* Excerpted data
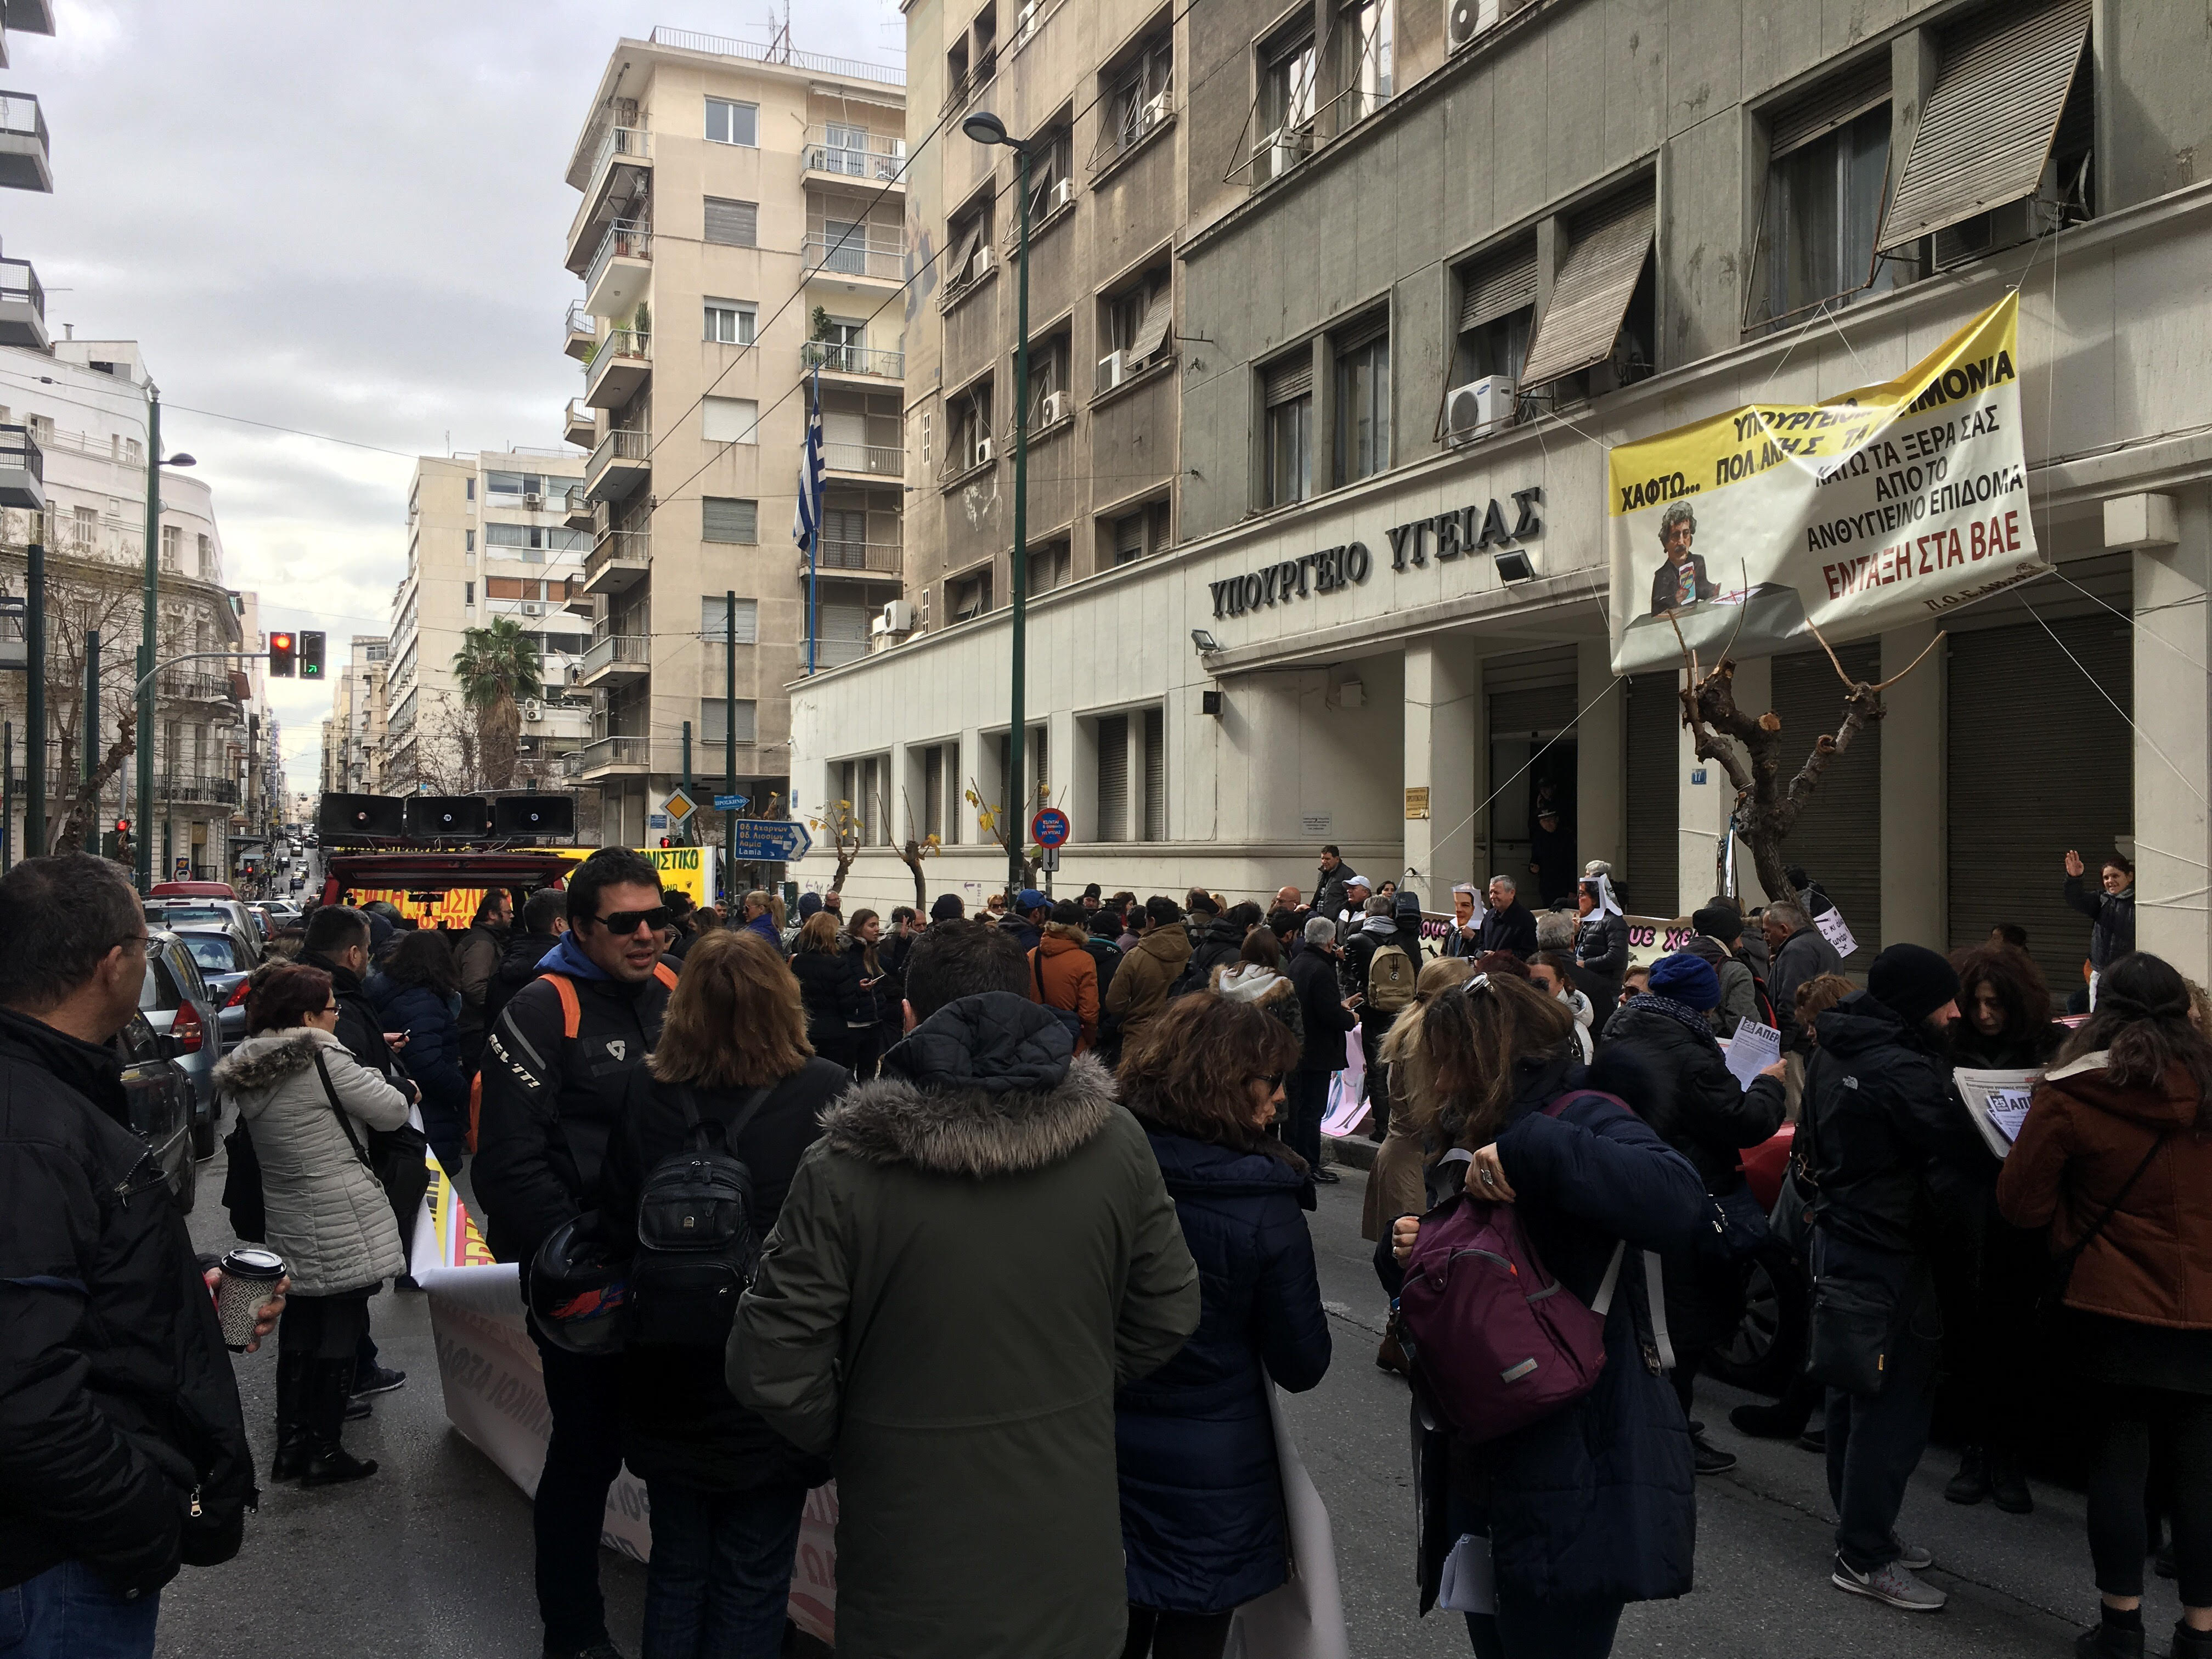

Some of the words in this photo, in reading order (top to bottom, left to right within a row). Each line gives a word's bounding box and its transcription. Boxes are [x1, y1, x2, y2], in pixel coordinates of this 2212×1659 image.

[1842, 424, 1870, 450] ΤΑ
[1869, 441, 1901, 469] ΤΑ
[1901, 421, 1956, 461] ΞΕΡΑ
[1960, 405, 2000, 442] ΣΑΣ
[1876, 466, 1923, 501] ΑΠΟ
[1926, 456, 1948, 485] ΤΟ
[1808, 495, 1925, 552] ΑΝΘΥΓΙΕΙΝΟ
[1931, 464, 2024, 516] ΕΠΙΔΟΜΑ
[1209, 541, 1368, 617] ΥΠΟΥΡΓΕΙΟ
[1385, 487, 1540, 570] ΥΓΕΙΑΣ
[1822, 541, 1912, 600] ΕΝΤΑΞΗ
[1917, 528, 1964, 575] ΣΤΑ
[1971, 510, 2021, 561] ΒΑΕ
[1695, 772, 1701, 781] 17
[1745, 1020, 1755, 1029] 25
[1754, 1026, 1779, 1042] ΑΠΕΡ
[1993, 1098, 2006, 1107] 25
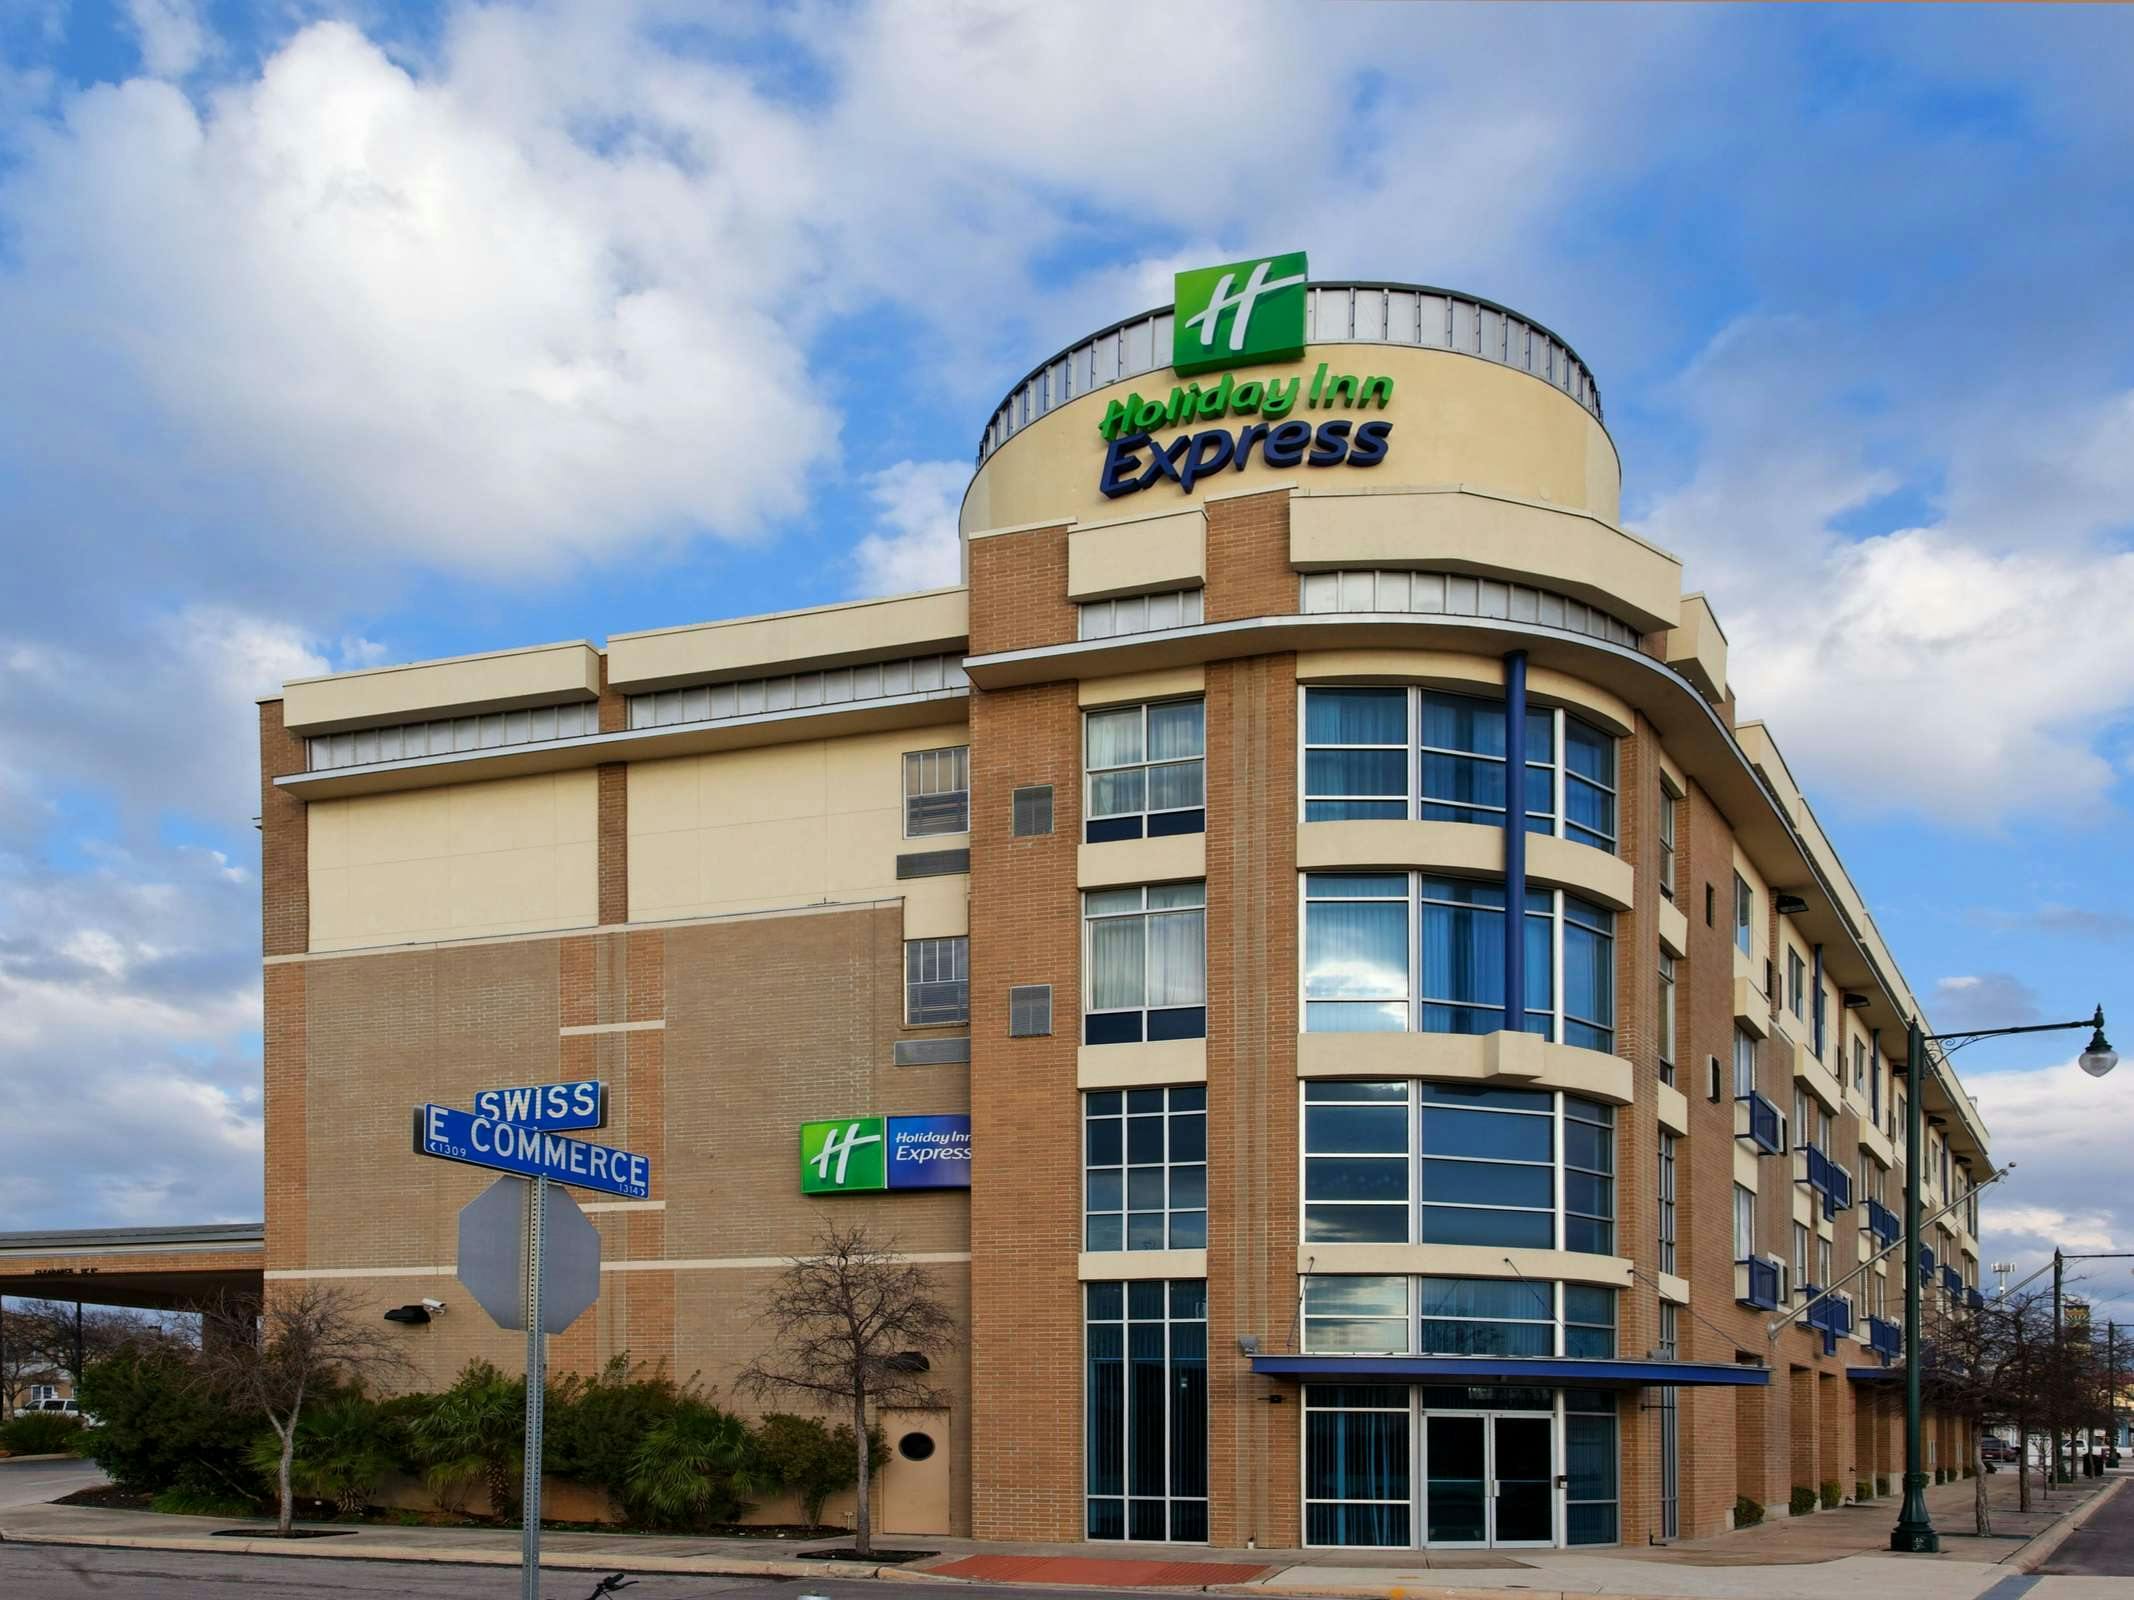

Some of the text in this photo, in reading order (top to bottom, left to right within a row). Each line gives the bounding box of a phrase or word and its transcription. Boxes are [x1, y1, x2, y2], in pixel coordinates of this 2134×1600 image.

* Exercise directions
Omit the pictures, then copy out all the data exactly as it stands.

* Answer to this task
Some of the words in this photo, in reading order (top to bottom, left to right within a row). Each line gives a word's bounding box and its transcription. Boxes are [x1, y1, x2, y2], in pixel coordinates of this 2212×1659 image.

[1842, 424, 1870, 450] ΤΑ
[1869, 441, 1901, 469] ΤΑ
[1901, 421, 1956, 461] ΞΕΡΑ
[1960, 405, 2000, 442] ΣΑΣ
[1876, 466, 1923, 501] ΑΠΟ
[1926, 456, 1948, 485] ΤΟ
[1808, 495, 1925, 552] ΑΝΘΥΓΙΕΙΝΟ
[1931, 464, 2024, 516] ΕΠΙΔΟΜΑ
[1209, 541, 1368, 617] ΥΠΟΥΡΓΕΙΟ
[1385, 487, 1540, 570] ΥΓΕΙΑΣ
[1822, 541, 1912, 600] ΕΝΤΑΞΗ
[1917, 528, 1964, 575] ΣΤΑ
[1971, 510, 2021, 561] ΒΑΕ
[1695, 772, 1701, 781] 17
[1745, 1020, 1755, 1029] 25
[1754, 1026, 1779, 1042] ΑΠΕΡ
[1993, 1098, 2006, 1107] 25

Some of the text in this photo, in reading order (top to bottom, left to right within a row). Each line gives the bounding box of a phrase or word and its transcription. Boxes are [x1, y1, x2, y2], in pixel coordinates of this 2134×1600 image.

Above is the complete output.